Altaş, şöyle devam etti:

“Başörtülü kadınlar böylelikle sadece öğretmen masasından veya hakim kürsüsünden uzaklaştırılmakla kalmayıp aynı zamanda ev ve iş bulma sürecinde de ayrımcılığa maruz kalmaktadırlar. Koalisyon görüşmelerinde ‘İslam’ kelimesinin bir kez kullanılması, bunun da ‘İslamcılık’ şeklinde negatif bir bağlamda zikredilmesi oldukça rahatsız edici bir durumdur.”

Almanya’daki kurumsal ırkçılık

Eksikliği hissedilen ve çoktan başlatılmış olması gereken bir diğer tartışma alanının da Almanya’daki kurumsal ırkçılık meselesi olduğunu vurgulayan Altaş, bu meselenin artık görmezden gelinecek bir tarafı kalmadığını kaydetti.

Altaş, Almanya’da kurumsal ırkçılık sorununun hem emniyet birimlerinde, kamu dairelerinde hem de eğitim alanında bariz şekilde mevcut olduğunu kanıtlayan sayısız örnek bulunduğuna işaret ederek, “Devlet bünyesinde yabancı kökenli insanları sistematik olarak mağdur eden reflekslerin varlığı aşikardır.

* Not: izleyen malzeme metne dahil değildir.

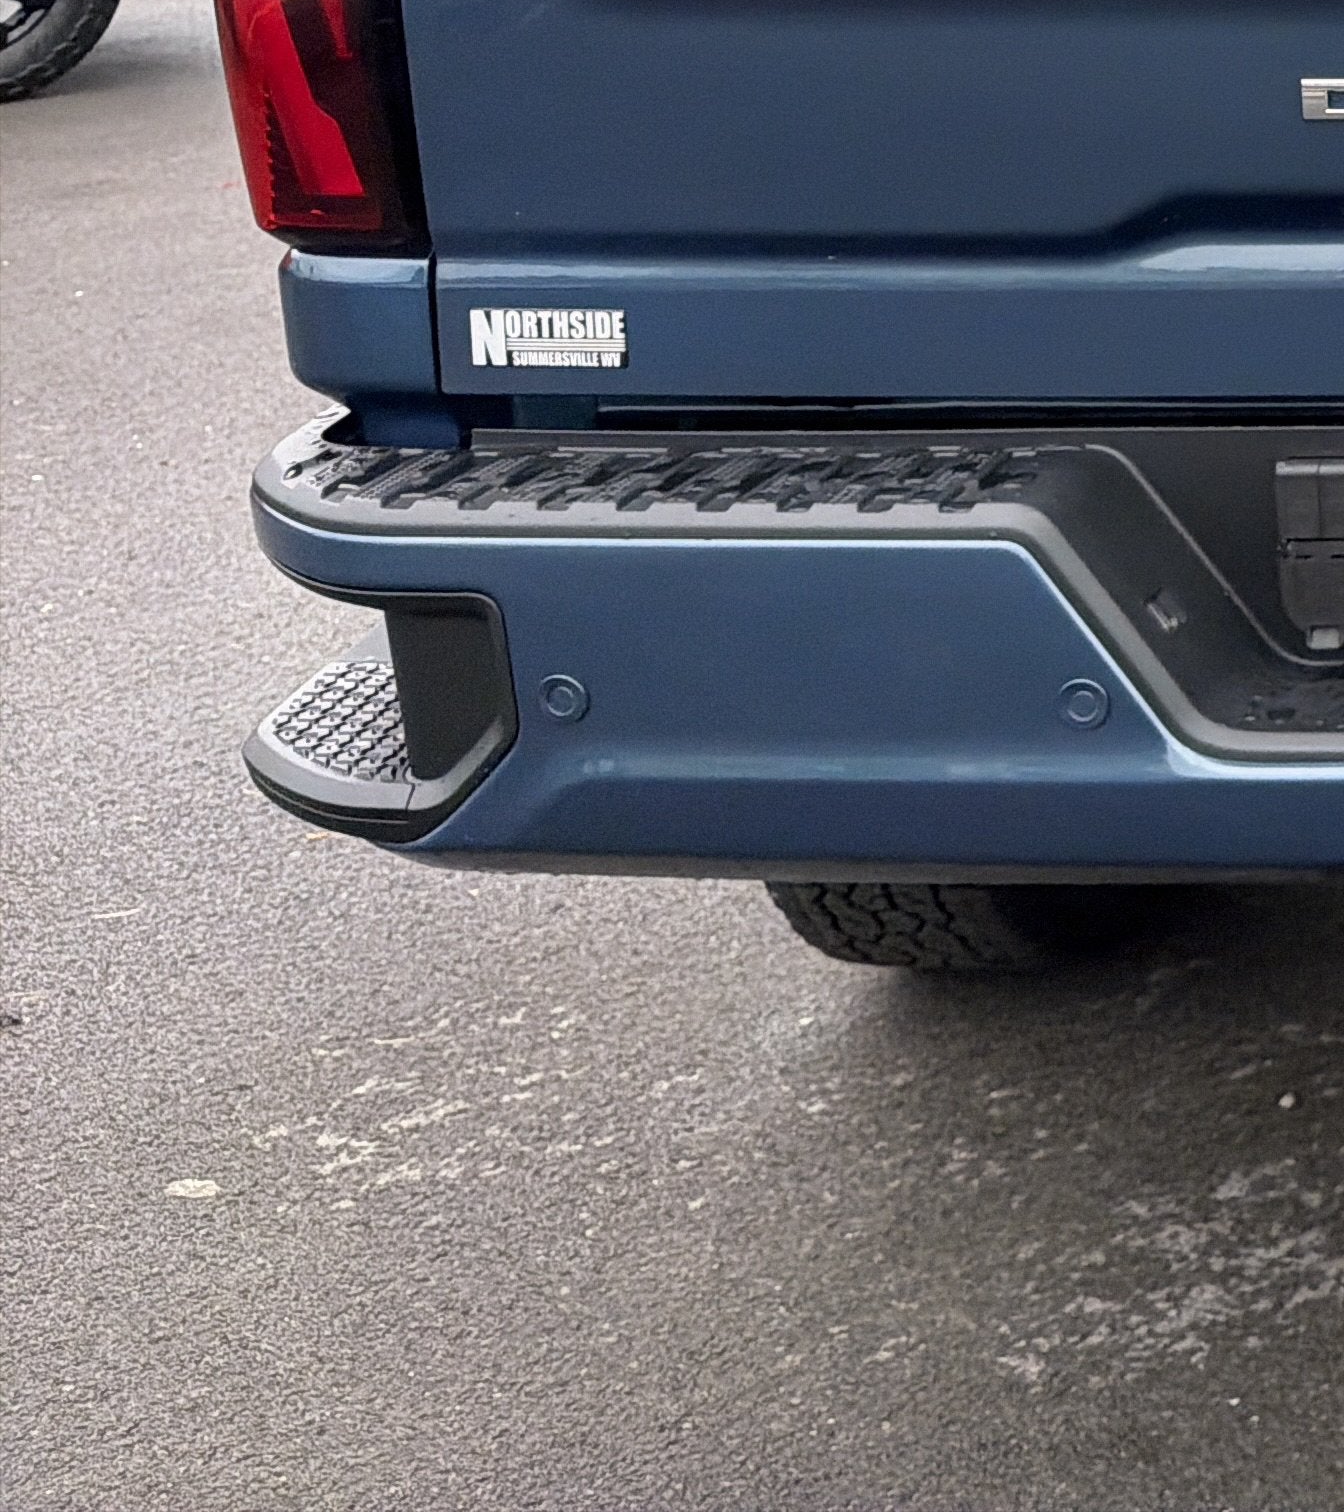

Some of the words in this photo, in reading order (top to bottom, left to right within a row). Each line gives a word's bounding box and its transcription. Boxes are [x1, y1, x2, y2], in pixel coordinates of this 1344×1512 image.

[470, 309, 626, 366] NORTHSIDE
[512, 351, 600, 367] SUMMERSVILLE
[600, 352, 622, 368] WV

Ayrıca hukuk sistemimizin güvenilirliğini tesis etme bağlamında emniyet görevlilerine karşı şikayetlerin yapılabileceği bağımsız mercilerin oluşturulması bilhassa üzerinde durulması gereken önemli bir husustur.” ifadesini kullandı.

Yeni hükümet programına eleştiri

Altaş, kurulması beklenen yeni hükümetin programında bu sorunların çözümüne ilişkin bir ifadenin yer almamasını eleştirerek, açıklamasına şöyle devam etti:

“Maalesef SPD ve Birlik partilerinin koalisyon görüşmeleri raporunda bahsi geçen bu konuların hiçbirini görmek mümkün değildir. Göçle şekillenmiş bir ülke olan Almanya için ülkenin iki ana akım halk partisinin de bu konulara duyarsız kalması, hatta tam aksine yeni bir göçmen yasası oluşturma konusunda anlaşması oldukça yaralayıcıdır. Anlaşılan insanların ayrımcılığa karşı kendilerini nasıl savunmaları gerektiğiyle siyaset ilgilenmemektedir.”